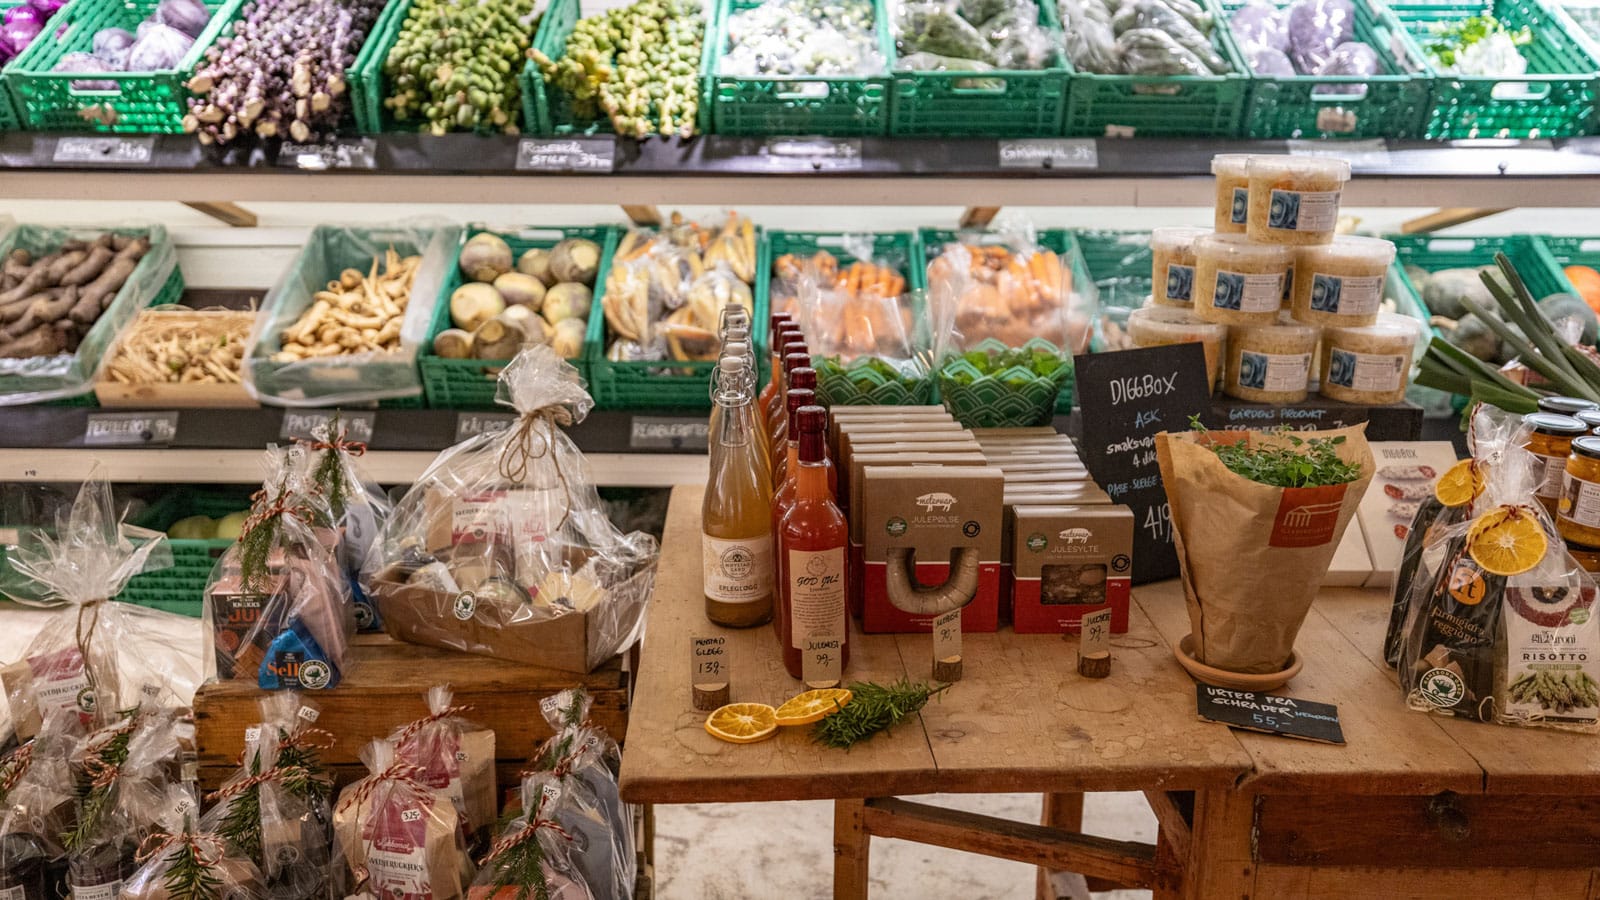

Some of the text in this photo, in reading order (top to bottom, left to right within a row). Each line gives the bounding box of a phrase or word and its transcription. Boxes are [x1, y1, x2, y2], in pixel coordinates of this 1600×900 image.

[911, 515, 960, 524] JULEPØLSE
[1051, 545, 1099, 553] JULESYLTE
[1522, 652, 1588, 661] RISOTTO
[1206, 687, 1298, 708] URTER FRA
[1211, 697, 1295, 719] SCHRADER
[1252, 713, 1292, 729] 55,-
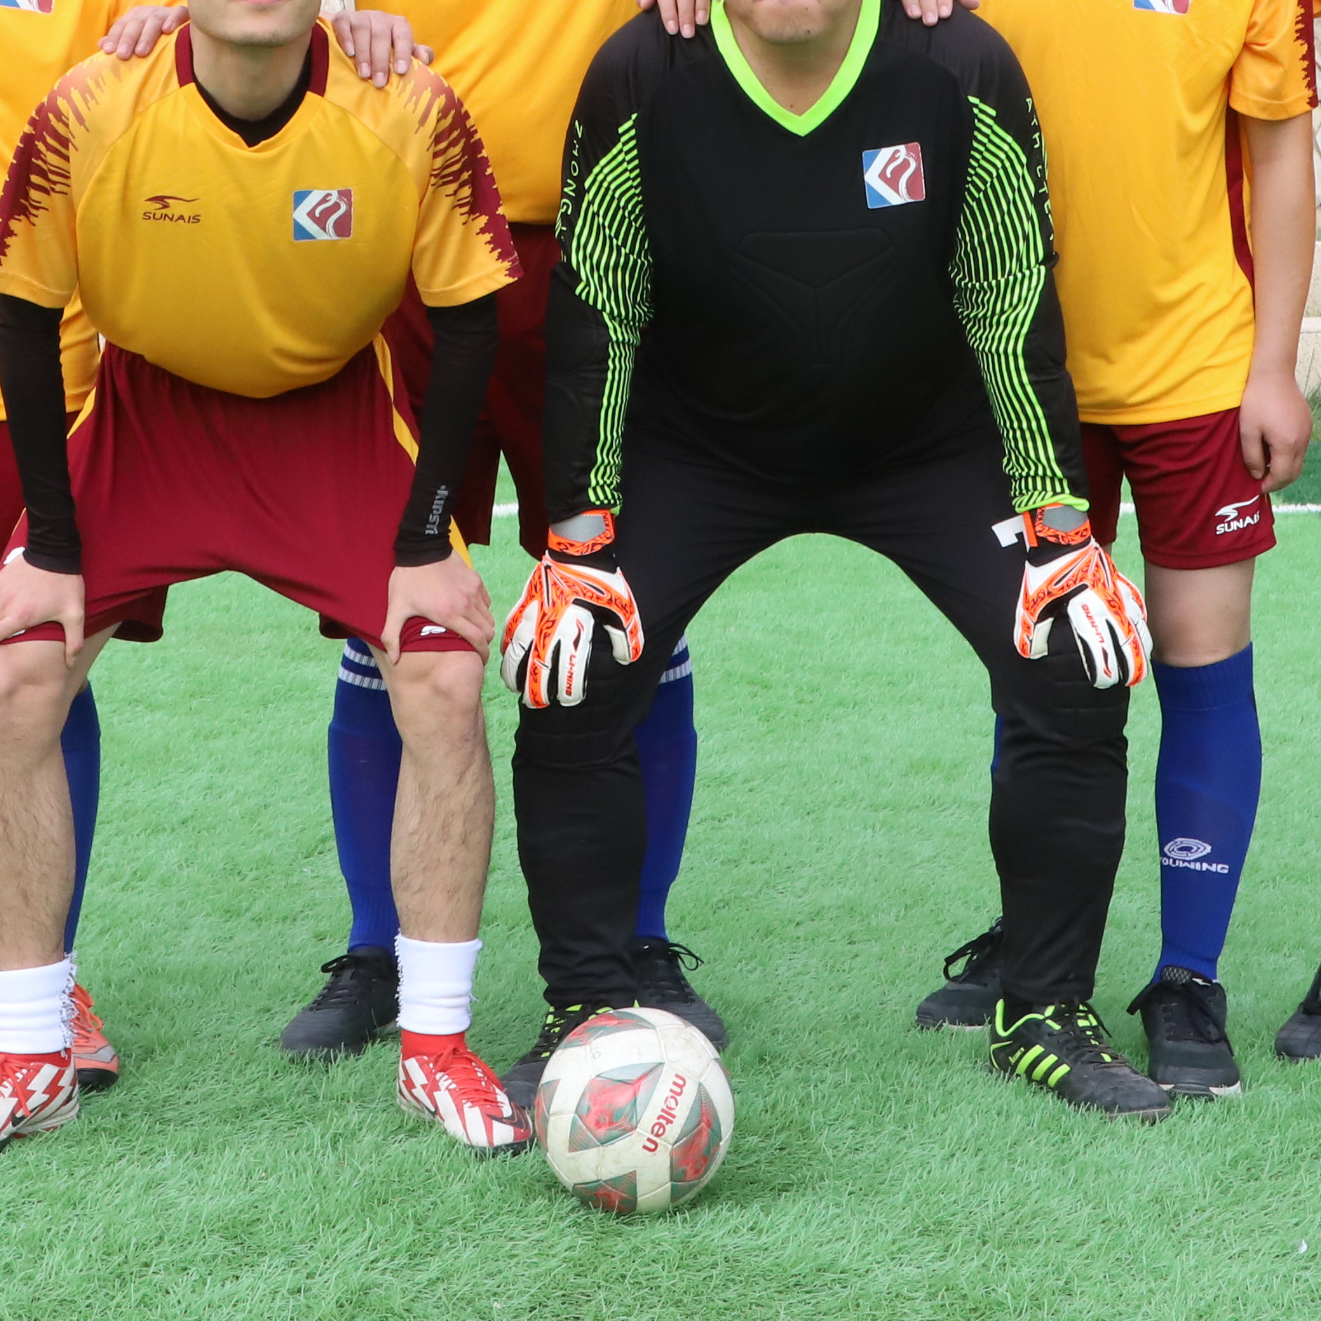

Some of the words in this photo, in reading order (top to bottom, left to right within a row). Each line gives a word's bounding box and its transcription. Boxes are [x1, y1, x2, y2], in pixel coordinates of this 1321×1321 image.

TO DO: Print the full listing again exactly, and drop every image from it.

WRITTEN RESPONSE:
Some of the text in this photo, in reading order (top to bottom, left to right within a row). Each line gives the bounding box of a phrase or word and its transcription. Boxes are [x1, y1, x2, y2], in pixel coordinates of this 1600×900 image.

[911, 515, 960, 524] JULEPØLSE
[1051, 545, 1099, 553] JULESYLTE
[1522, 652, 1588, 661] RISOTTO
[1206, 687, 1298, 708] URTER FRA
[1211, 697, 1295, 719] SCHRADER
[1252, 713, 1292, 729] 55,-

Some of the words in this photo, in reading order (top to bottom, left to right within a row). Each line gives a word's bounding box and its transcription. Boxes are [x1, y1, x2, y2], in pixel coordinates of this 1321×1321 image.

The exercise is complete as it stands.